[Source records]
━━━━━━━━━━━━━━━━
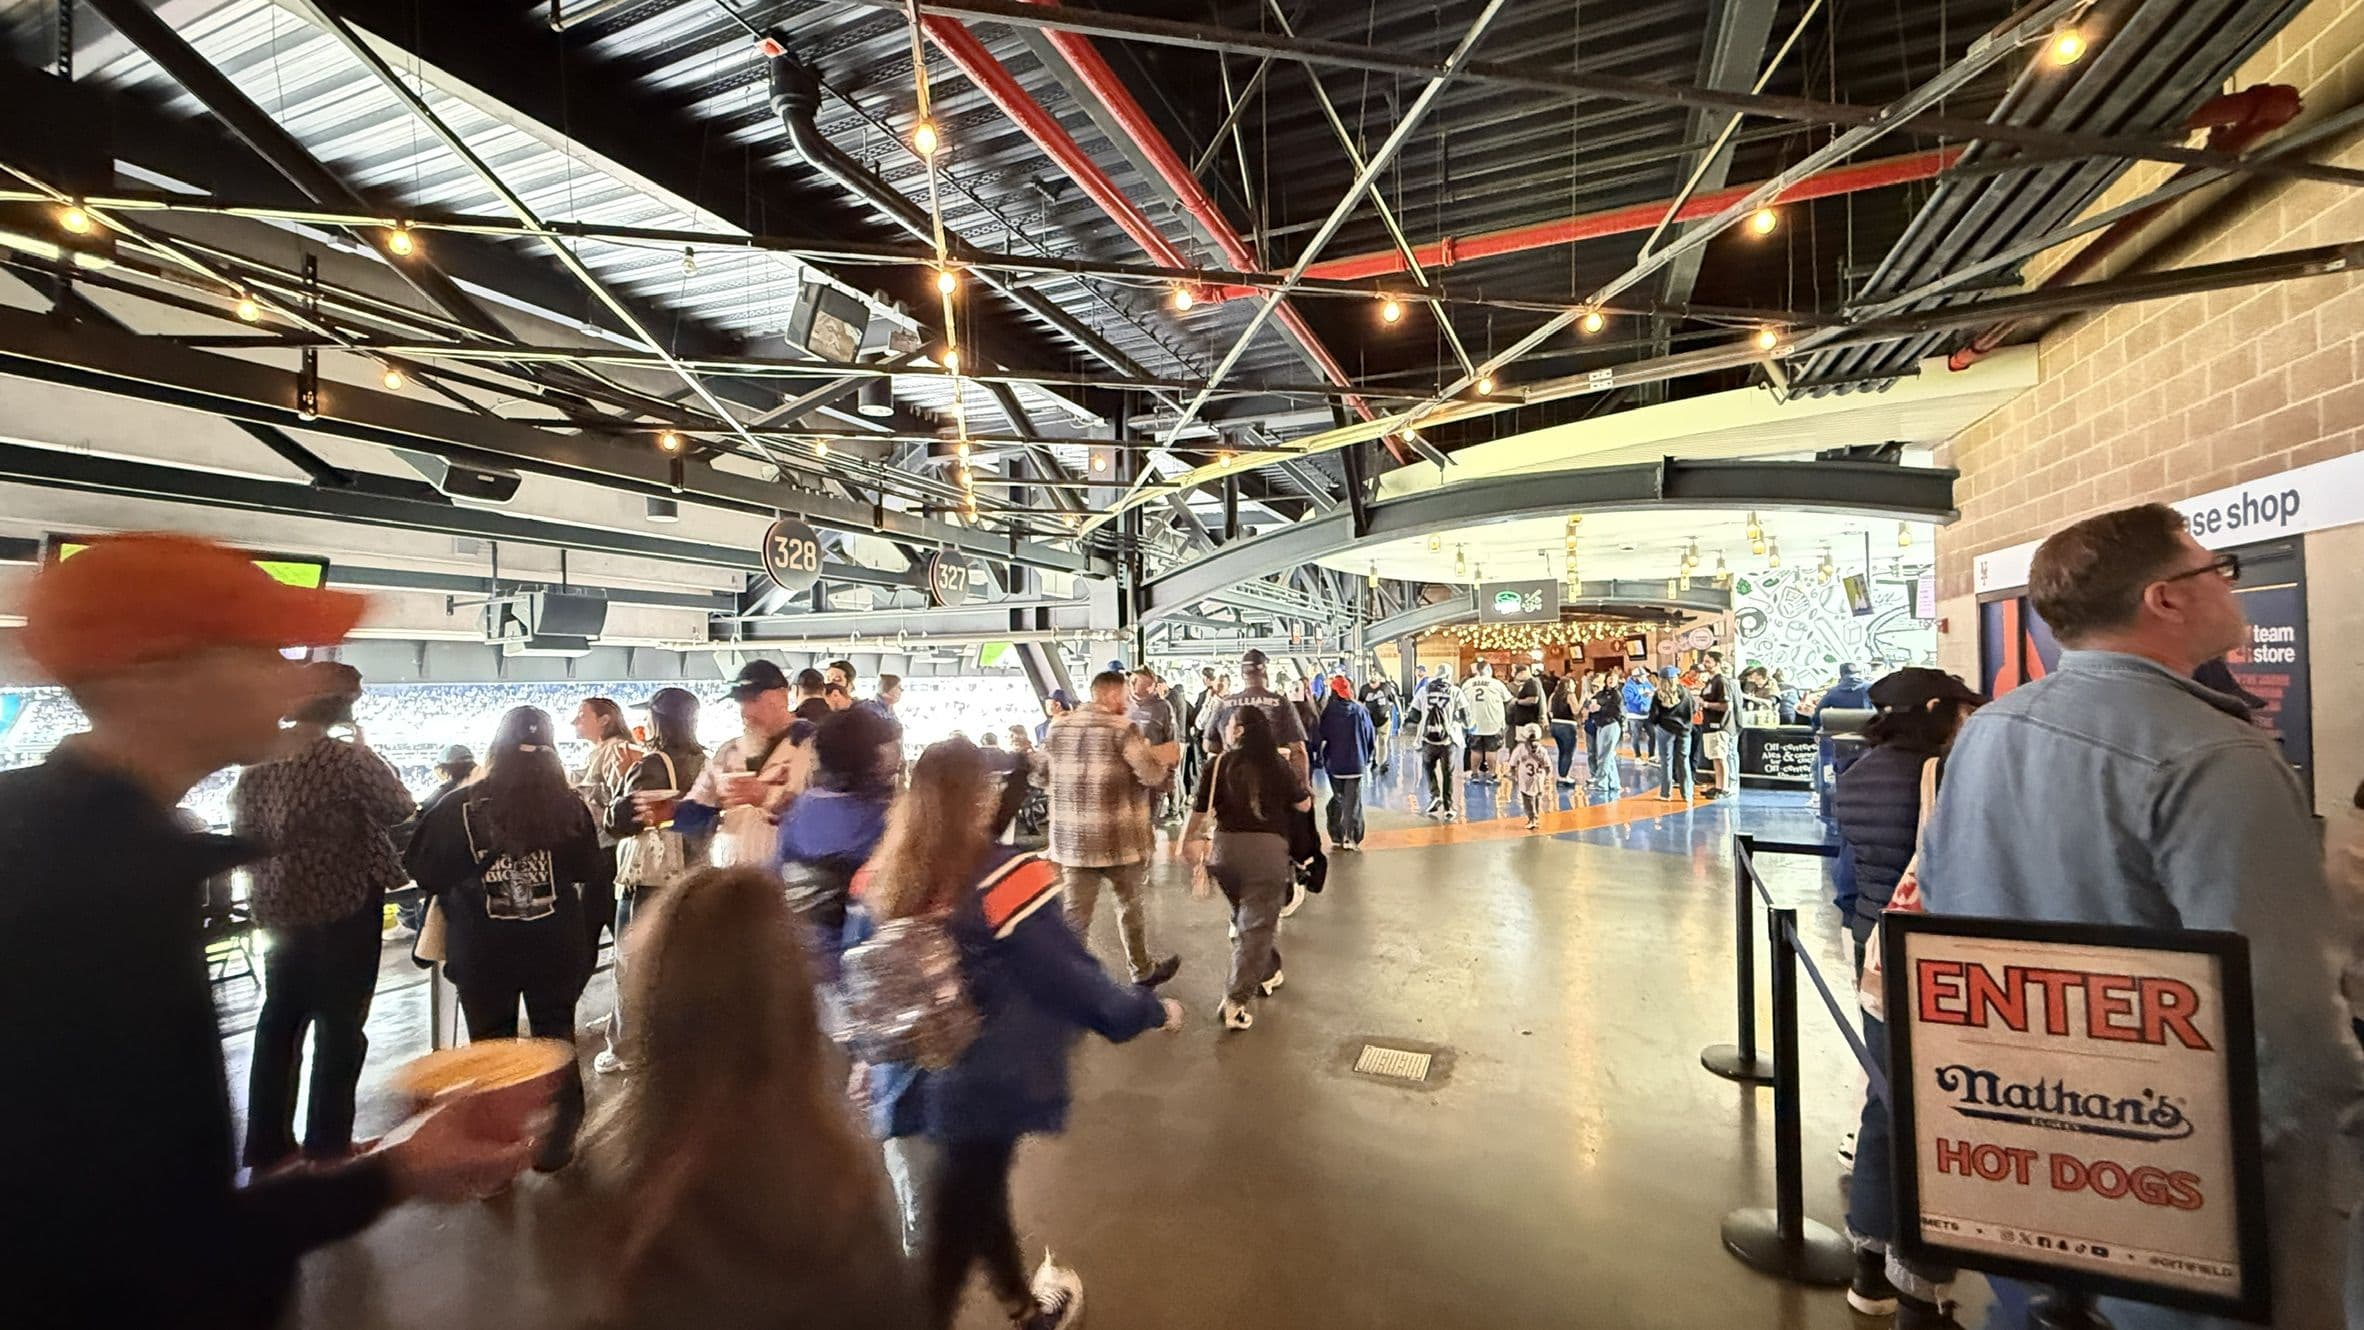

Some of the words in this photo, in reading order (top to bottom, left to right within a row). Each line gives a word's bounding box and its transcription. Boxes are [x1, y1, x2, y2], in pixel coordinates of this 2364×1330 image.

[2226, 489, 2300, 528] shop
[773, 535, 818, 573] 328
[938, 563, 967, 592] 327
[2252, 624, 2295, 643] team
[2252, 644, 2296, 663] store
[1475, 688, 1485, 702] 2
[1782, 751, 1795, 762] &
[1916, 958, 2216, 1052] ENTER
[1935, 1064, 2186, 1129] Nathan's
[1936, 1137, 2039, 1186] HOT
[2050, 1152, 2205, 1210] DOGS
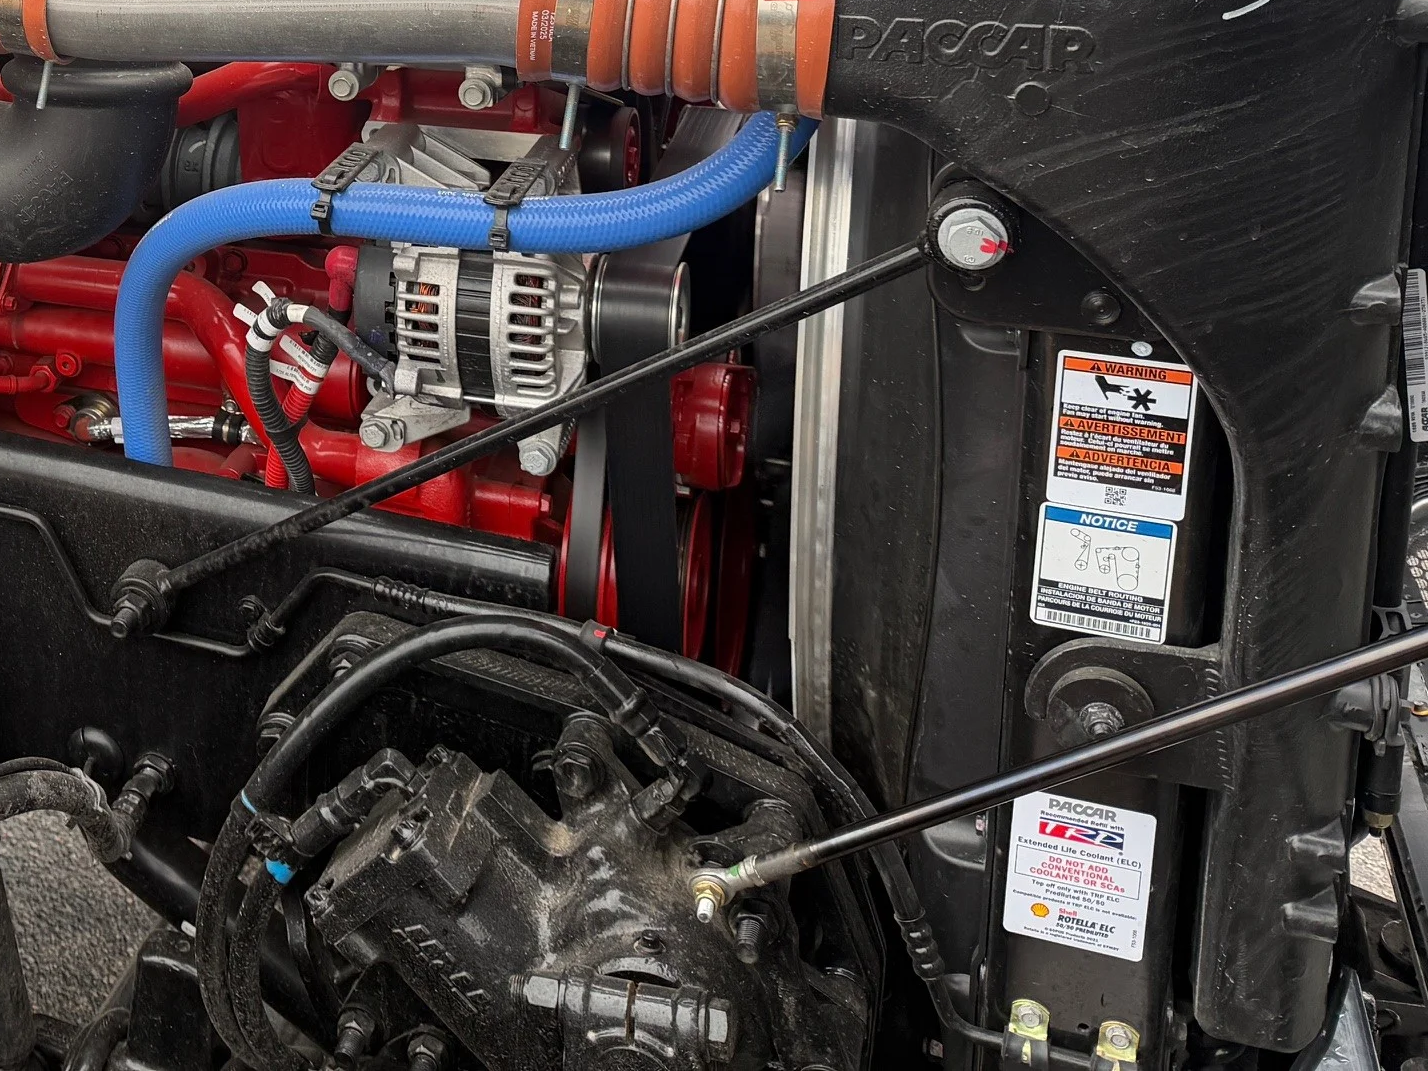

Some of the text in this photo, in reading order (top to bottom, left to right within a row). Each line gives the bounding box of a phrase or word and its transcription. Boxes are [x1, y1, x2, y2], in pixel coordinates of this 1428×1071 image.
━━━━━━━━━━━━━━━━
ABOUT THIS TASK —
Omit the pictures, then output every record exactly as given.

TASK ANSWER —
Some of the words in this photo, in reading order (top to bottom, left to right within a row). Each line gives a word's bounding box and its transcription. Boxes are [x1, y1, x2, y2], in pixel coordinates of this 2364×1330 image.

[2226, 489, 2300, 528] shop
[773, 535, 818, 573] 328
[938, 563, 967, 592] 327
[2252, 624, 2295, 643] team
[2252, 644, 2296, 663] store
[1475, 688, 1485, 702] 2
[1782, 751, 1795, 762] &
[1916, 958, 2216, 1052] ENTER
[1935, 1064, 2186, 1129] Nathan's
[1936, 1137, 2039, 1186] HOT
[2050, 1152, 2205, 1210] DOGS

Some of the text in this photo, in reading order (top to bottom, left to right within a row). Each line gives the bounding box of a phrase or word and its transcription. Boxes are [x1, y1, x2, y2], in pixel coordinates of this 1428×1071 image.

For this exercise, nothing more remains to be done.